Die runde Zahl von zehn hatte lange vorher bereits Varro in seinem wichtigen S.-Katalog bei Lactant. div. inst. I 6, 8 festgelegt – ,Sibyllas decem numero fuisse‘. Dem varronischen Verzeichnis, das offenbar auf älterer, wenn auch nicht nachweisbarer, griechischer Quelle beruht, folgen, bloß in Einzelheiten abweichend, spätere Schriftsteller, und zwar die Theosophie (s. o.) und ihr Auszug im Tubingensis (Mras 80 und 78) – darnach der Anonymus im Prolog zum jüdisch-christlichen S.-Corpus, weiter Ioann. Laurent. Lydos de mens. 47 W., das Chronicon paschale 108 (I 201 Dind.), wo zu den varronischen S. die Ἑβραία und Ῥόδια hinzugetreten sind, und Isid. orig. VIII 8. Auch in dem Artikel Σίβυλλα bei Suidas findet sich Varros Liste wieder; ein zweiter Katalog aus anderer Quelle nennt die Delphis, Erythraia, Elissa, die thessalische, phrygische, cumäische und thesprotische S.

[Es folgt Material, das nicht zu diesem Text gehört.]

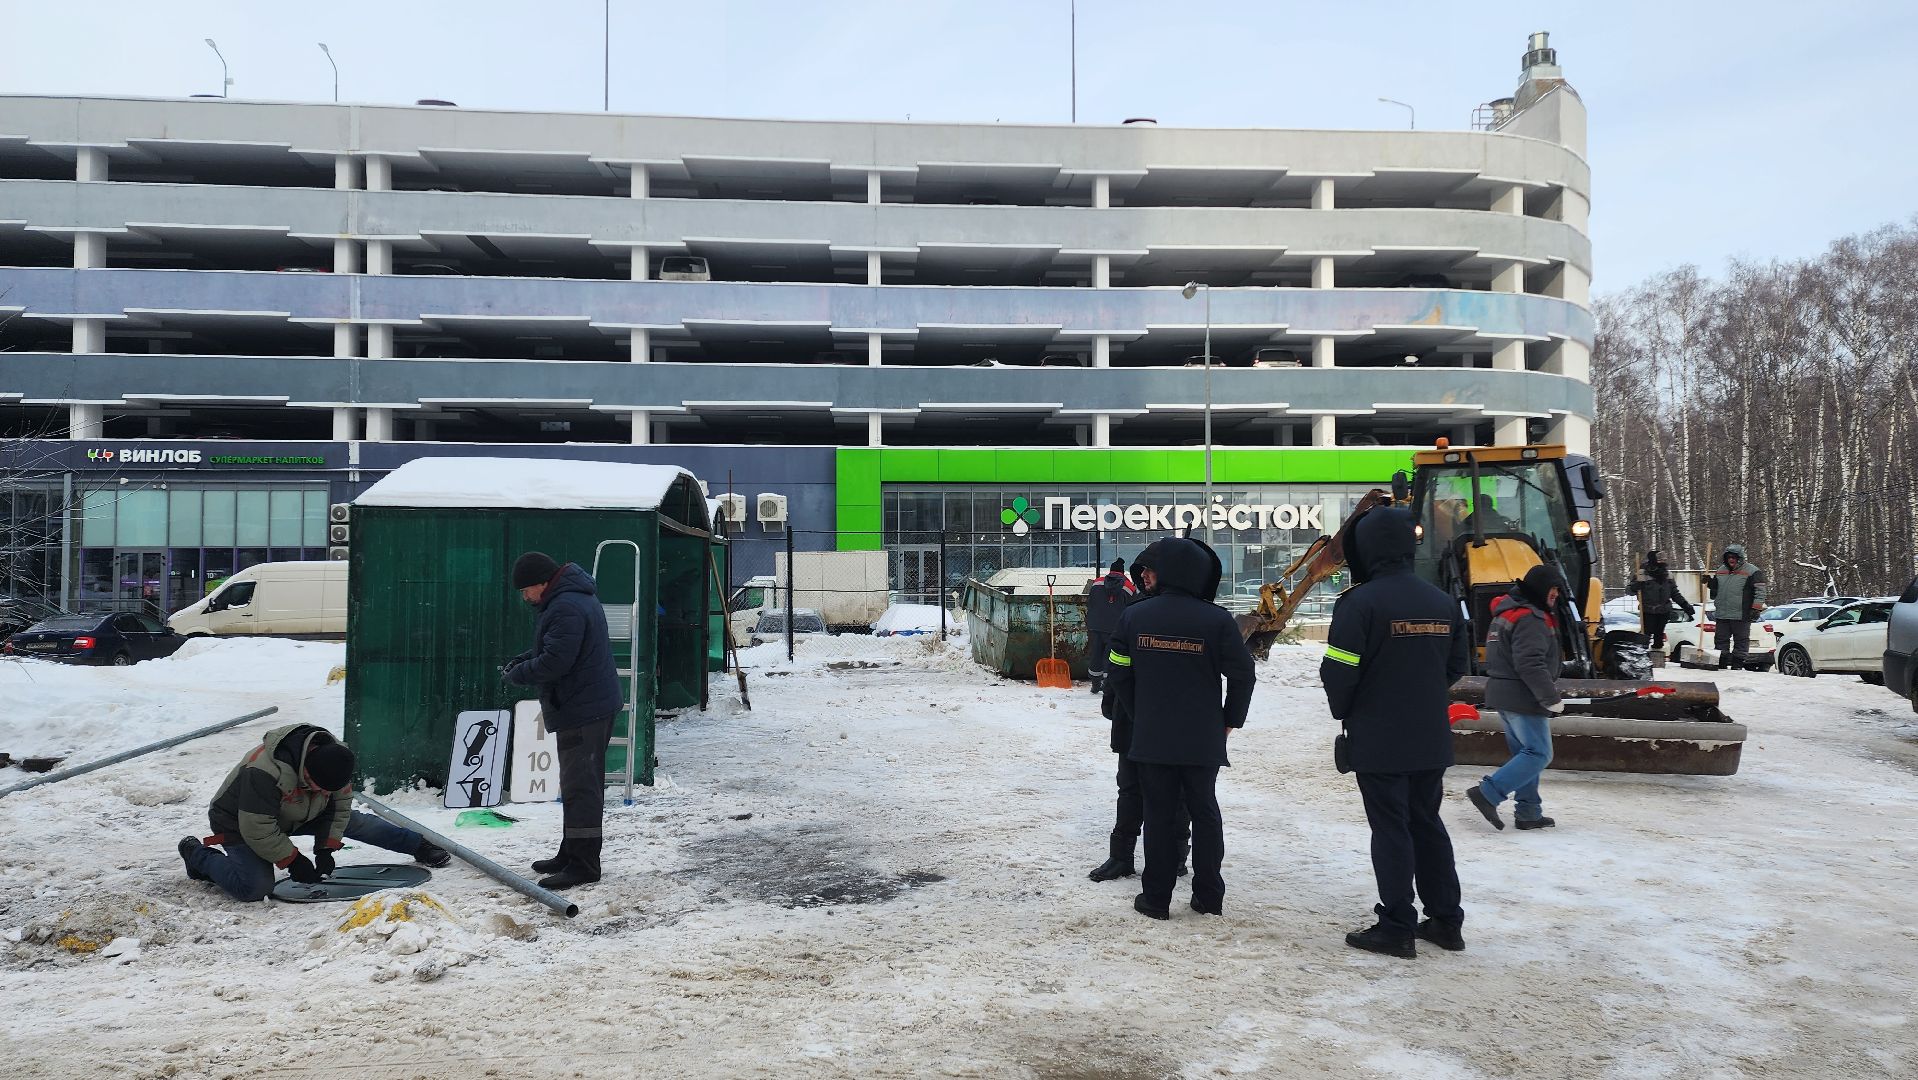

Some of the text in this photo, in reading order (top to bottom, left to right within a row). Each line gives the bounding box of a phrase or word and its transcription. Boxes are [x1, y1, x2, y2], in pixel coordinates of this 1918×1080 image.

Von einer Mehrheit von S. reden außer Aristoteles auch Hermeias zu Plat. Phaidr. II 22 und Clem. Strom. I c. 21, 132, 3 Stählin, dessen ,τῶν Σιβυλλῶν τὸ πλῆθος‘ sieben Seherinnen, die nach ihrem Wohnsitze, und zwei, die mit Namen (Φυτώ und Ταραξάνδρα) bezeichnet werden, umfaßt. Vorsichtig drückt sich Tac. ann. VI 12 aus: Sibullae, seu una, seu plures fuere.

c) Sibyllenlegenden.

Zur Prophetie fühlen sich die S. durch eine höhere Macht gedrängt, die ihnen innewohnt, διὰ τὸν θεόν, wie Herakleitos sagt, als ἔνθεοι (Arist. a. a. O.), oder θεόληπτοι (Orac. Sib. XI 320), ἐκ τοῦ θεοῦ κάτοχοι (Paus. X 12, 3), s. Manetho I (V) 239 ἐν κατοχῇσι [2077] θεών; vgl. über diesen Zustand Ganschinietz o. Bd. X S. 2528. Da die Gottheit also gewissermaßen von ihnen dadurch Besitz ergriffen hat, ist ihnen Gottgemeinschaft zuteil geworden, Plin. n. h. VII 3 divinitas ... et quaedam caelitum societas nobilissima ex feminis in Sibylla fuit. Dieses Erfülltsein von Gott führt zu einem νόσημα μανικὸν ἢ ἐνθουσιαστικόν (Arist.). Die S., durch die Gottheit, welche sie erfüllt, in ekstatischen Zustand versetzt (vgl. die Schilderung Verg. Aen. VI 46ff. und Ovid. met. XIV 107 deo furibunda recepto), kündet in dieser Verzückung – Rohde Psyche5.6 II 66 – μαινομένῳ στόματι (Herakleitos frg. 92 D., vgl. Verg. Aen. VI 80 os rabidum, 102 rabida ora) die dräuende Zukunft. Immer wieder wird dieser Zustand des Entrücktseins oder Rasens – Cic. de divin. II 54, 110 – betont; in dem Gedichte bei Phleg. περὶ μακροβ. 4, 4 bezeichnet die Erythräerin sich als ,μαινομένη ... ἐνὶ θνητοῖς‘. Die jüdische S. des III. Buches unserer Sammlung nennt sich – wohl nach älterem Muster – 810 οἰστρομανής. Von innerer Glut erfüllt – Ammian. Marc. XXI 1, 11 ... Sibyllae crebro se dicunt ardere torrente vi magna flammarum – fühlt die Prophetin ihr ganzes Wesen erschüttert – Orac. Sib. II 3 πᾶν δέμας ἐκπληχθεῖσα – und erschauert unter der Geißel der Gottheit, die sie immer von neuem zur Verkündigung künftiger Geschicke antreibt, Orac. Sib. III 4 ἀλλὰ τί μοι κραδίη πάλι πάλλεται | ἠδέ γε θυμὸς τυπτόμενος μάστιγι βιάζεται ἔνδοθεν αὐδὴν | ἀγγέλλειν πῦσιν: vgl. II 3, Verg. Aen. VI 76ff. Müde erfleht sie daher öfters eine Ruhepause, Orac. Sib. III 3 ἄμ⟩παυσον βαιόν με · κέκμηκε γὰρ ἔνδοθεν ἦτορ (nachgeahmt XII 297f.) oder XI 322 ἀλλά. ἄναξ, νῦν παῦσον ἐμὴν πολυήρατον αὐδὴν | οἶστρον ἀπωσάμενος ... καὶ μανίην φοβερήν.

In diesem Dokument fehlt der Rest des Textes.